A 42-year-old Chinese female presented with enlarged cervical lymph nodes as the first symptom in May 2020. Ultrasonography showed multiple enlarged lymph nodes in left neck and subclavian region (the maximum size was about 3.8×2.1 cm). CT showed multiple enlarged lymph nodes in left neck, supraclavicular fossa, armpit, retroperitoneum, inguinal region, pelvic cavity and regions around left adrenal region, abdominal aorta and vena cava, extensive irregular soft tissue nodules around retroperitoneal and iliac vessels, multiple lymph nodes which were considered as metastatic lymph nodes (Fig. 1).Left kidney cyst with calcification was also identified (Fig. 1).
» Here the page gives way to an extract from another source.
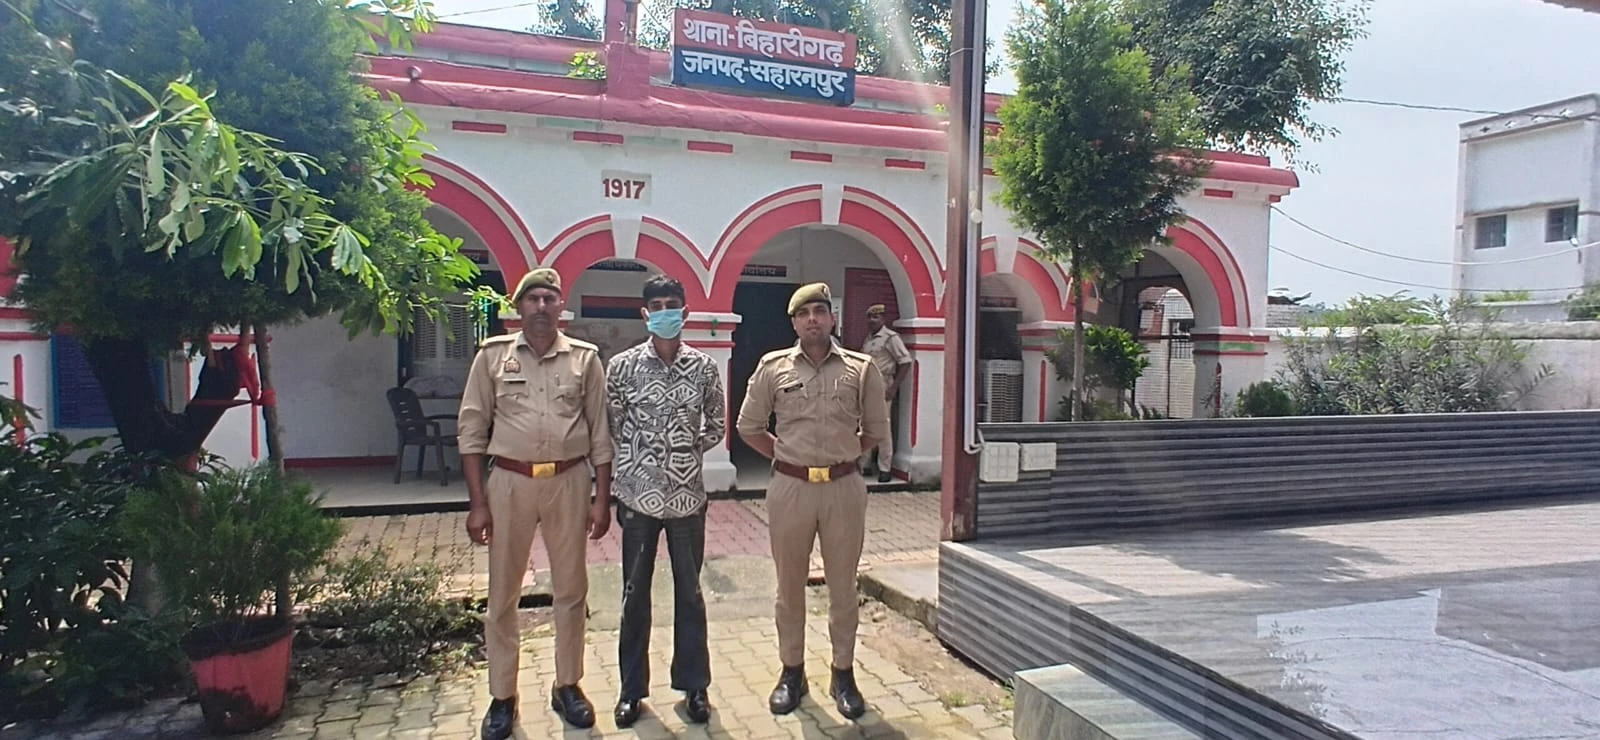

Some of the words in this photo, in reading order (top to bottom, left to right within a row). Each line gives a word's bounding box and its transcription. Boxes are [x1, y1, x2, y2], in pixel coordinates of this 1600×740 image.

The immunohistochemical results of neck lymph nodes were CD10(+), PAX-2(+), PAX-8(+), RCC(+), P504S(+), TFE-3(+), CgA(-), Inhibin-a(-), Ki67(+,30%), Napsin A(-), S-100(+), TG(-), TTF-1(-), CA9(+), CD117(YR145) (-), CK7(-), HMB-45(-), AE1/AE3(-), PD-L1(22C3) TPS 20% (Fig. 2). Pathological findings supported metastatic RCC, which was prone to Xp11.2 translocation RCC. Genetic testing showed a breakage of 28% of TFE3 gene, ASPSCR1-TFE3 gene fusion, with a mutation abundance of 20.3%, low tumor mutation burden (TMB-L) and microsatellite stable (MSS). EGFR, ERBB2, ALK, ROS1, MET, RET, BRAF, KIT, PDGFRA, BRCA1/2, KRAS, NRAS, NTRK1/2/3, PALB2 and PIK3CA were not fused, rearranged or mutated. 18F-FDG PET/CT showed low-density nodular with calcification in the upper part of the left kidney (1.5×2.1 cm, SUVmax 3.4), multiple enlarged lymph nodes (diameter of 0.5–7.1 cm, SUVmax 1.9–5.6) in the left of neck, supraclavicular and subclavian fossa, armpit, pectoralis major and submuscular space, mediastinum, T11-L4 vertebral bodies and arteries and muscles around iliac fossa. Osteolytic lesions in the L1, 3 and 4 vertebral bodies was considered as metastases (SUVmax 3.8–4.2) (Fig. 3).
Treatment
The patient was diagnosed as ASPSCR1-TFE3 gene fusion tRCC (left kidney, cT1aN1M1, stage IV) and multiple metastases of lymph nodes, bone and liver. The patient were treated with 200 mg Pembrolizumab infusions per 3 weeks and 5 mg Axitinib orally twice daily. One week later, the patient developed extensive macular rash on face, neck, upper and lower limbs, chest and back, which accounted for nearly 50% of total body surface area. The patient was discontinued of Axitinib treatment. According to the 2020 CSCO guidelines for the management of toxicities associated with immune checkpoint inhibitors, the patient received prednisone acetate orally (0.5 mg/Kg) and rashes completely disappeared after 17 days of hormonotherapy. The treatment was restarted at second cycle, to reduce skin irritant reaction and other related adverse events, the dose of Pembrolizumab was reduced to 100 mg infusions per 3 weeks and 5 mg Axitinib orally twice daily. After two cycles of treatment, the imaging assessment showed lymph nodes at neck reached partial response, abdominal lymph nodes and the left kidney lesions were stable and hepatic lesions achieved complete response (Fig. 4). 18F-FDG PET/CT showed significant no decrease of low-density nodular lesion in left kidney and no abnormal radioactive concentration. Multiple enlarged lymph nodes partially disappeared, and some lymph nodes significantly smaller than before. Radiometabolic activity of multiple osteolytic lesions at the first, third and fourth lumbar vertebras reduced than before image assessment suggested that the scheme was beneficial to patients' disease control, therefore, the treatment was continued to be used.
Up to June 2022, a total of 25 cycles of Pembrolizumab and Axitinib were received, and tumors at left kidney, lymph nodes, liver and bone were assessed as stable disease, partial response, complete response and stable disease, respectively. The adverse events were rash (CTCAE grade 3), secondary hypertension (CTCAE grade 3), secondary hypothyroidism (CTCAE grade 2) and diarrhea (CTCAE grade 1).